Au bout de deux heures de nage suite à la soudaine transformation de Mélodie, Ariel, sa fille et Max atteignirent enfin la susnommé "île du goéland fou" qui était bel et bien celle sur laquelle la sirène avait fait la connaissance d'Eurêka. Et malgré le temps, elle n'était pas si différente que dans ses souvenirs.

C'était toujours un îlot complètement désert, très éloigné des côtes, avec néanmoins une végétation très dense entouré d'une plage de sable fin. C'était suffisant pour qu'Ariel pût lettre sa fille en sûreté, le temps de comprendre la raison de sa soudaine transformation et de trouver la solution à ce problème.

Tous trois étaient épuisés par le trajet. Y compris Mélodie qui avait pourtant passé la moitié de la nage sur le dos de Max, s'accrochant à ses longs poils. Puis arrivée à mi-chemin, sentant que le vieux chien s'épuisait à la trimballer sur son dos tout en restant le plus proche de la surface pour lui éviter la noyade, la jeune fille avait consenti à changer de porteur à s'accrocher au dos de sa mère. Bien qu'Ariel n'avait à aucun moment rouspété tandis qu'elle devait supporté le poids de sa fille sur son dos, Mélodie ne put s'empêcher de se sentir comme un fardeau. À plus forte raison sans sa queue de poisson rose saumon qui lui manquait déjà.

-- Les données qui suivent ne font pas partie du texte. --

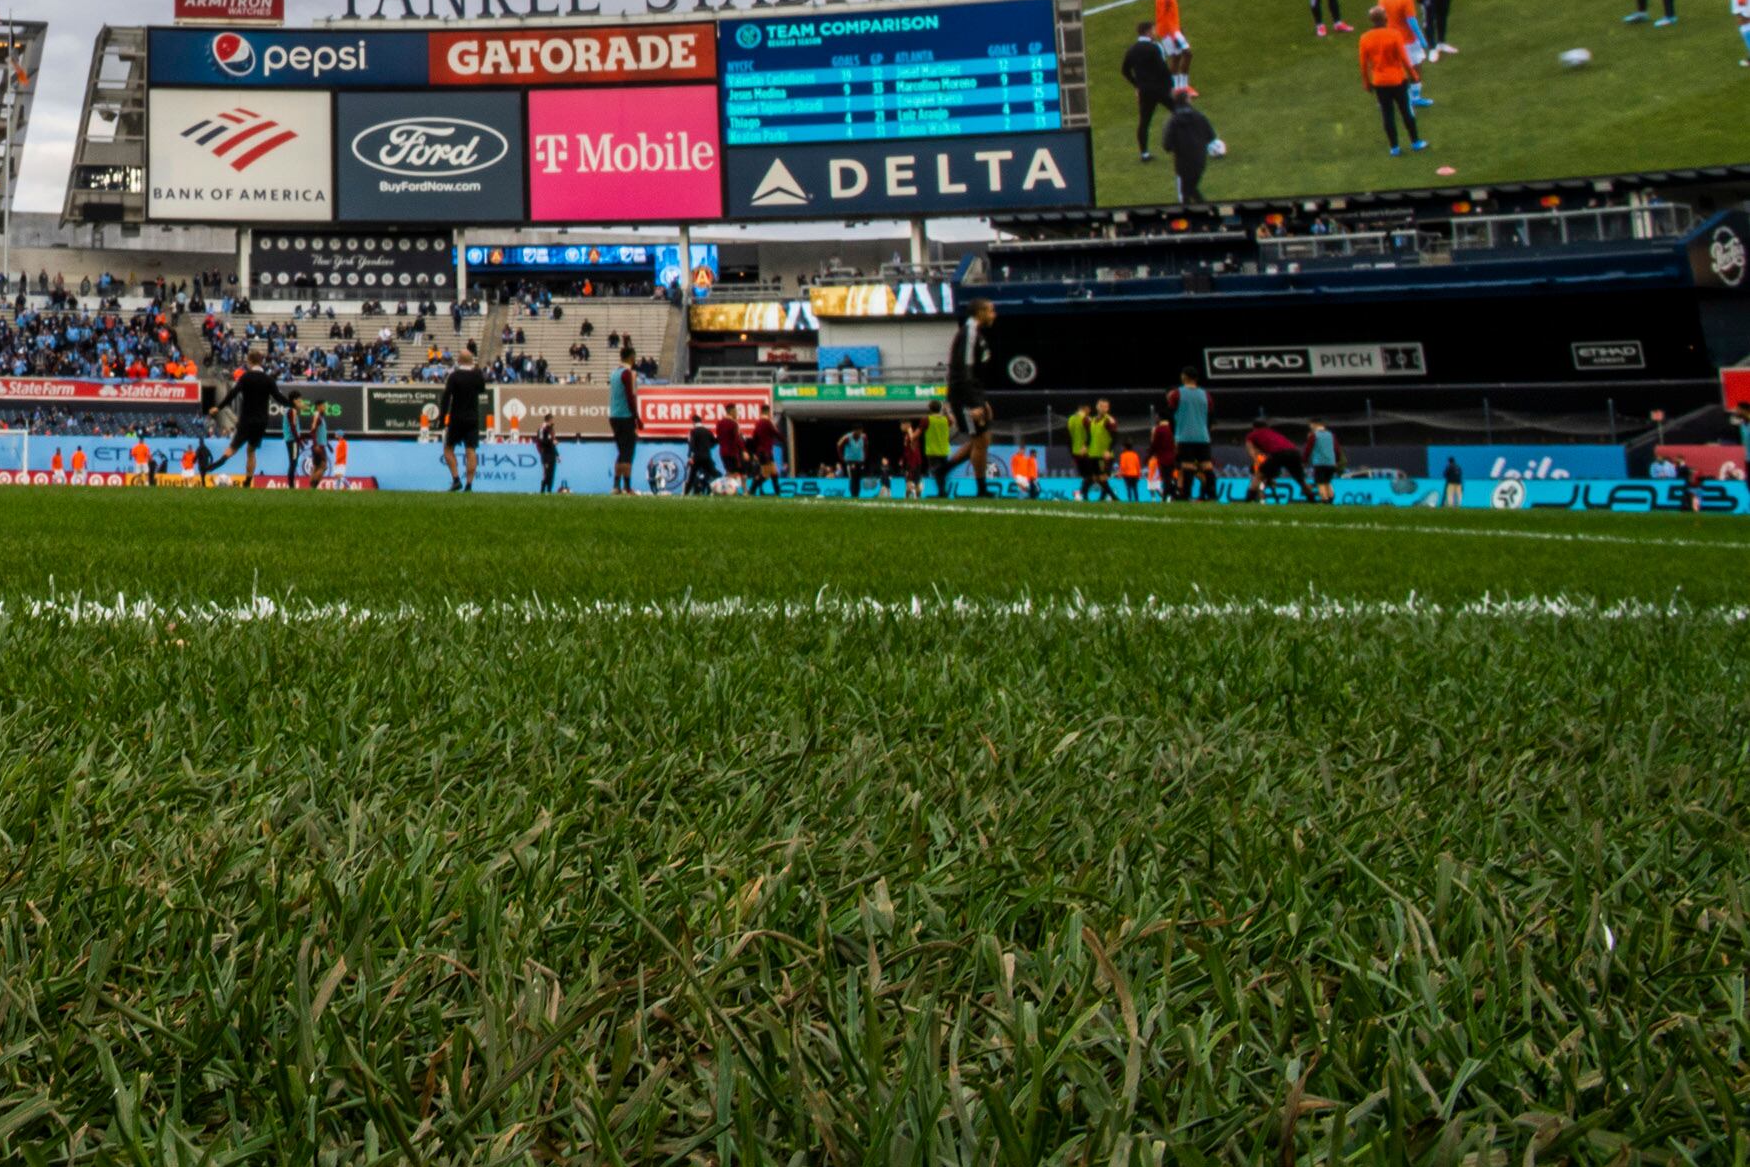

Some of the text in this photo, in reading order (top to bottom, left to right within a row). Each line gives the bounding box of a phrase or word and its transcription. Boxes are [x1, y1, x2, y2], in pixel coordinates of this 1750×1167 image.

Arrivés sur la plage, Ariel était à bout de souffle. De même que Max qui n'ayant plus que des palmes pour pattes se traînait sur le sable tel un vieux phoque.

Aussitôt qu'elle eut pied, Mélodie descendit de sa mère et sortit de l'eau en rampant tel un nourrisson, comme si elle avait déjà oublié comment se tenir sur ses jambes.

Elle partit se cacher derrière un palmier tandis qu'Ariel et Max demeurent sur la plage, reprenant leur souffle. Le vieux chien était tellement épuisé qu'il n'avait plus la force de lever la tête, tant et si bien que sa langue pendante touchait le sable.

— Tu as été formidable, mon chien, le félicita Ariel en caressant Max. Eric aurait été fier de toi.

L'espace d'un instant, la sirène crut voir un sourire se dessiner sur le visage du chien quand elle évoqua son regretté maître.

Elle ne pouvait que remercier Éric d'avoir adopté et élevé un chien aussi loyal et affectueux.


— Tiens ! Ariel ! Comment vas-tu, ma jolie ? Ça fait un bail qu'on ne s'est pas vu !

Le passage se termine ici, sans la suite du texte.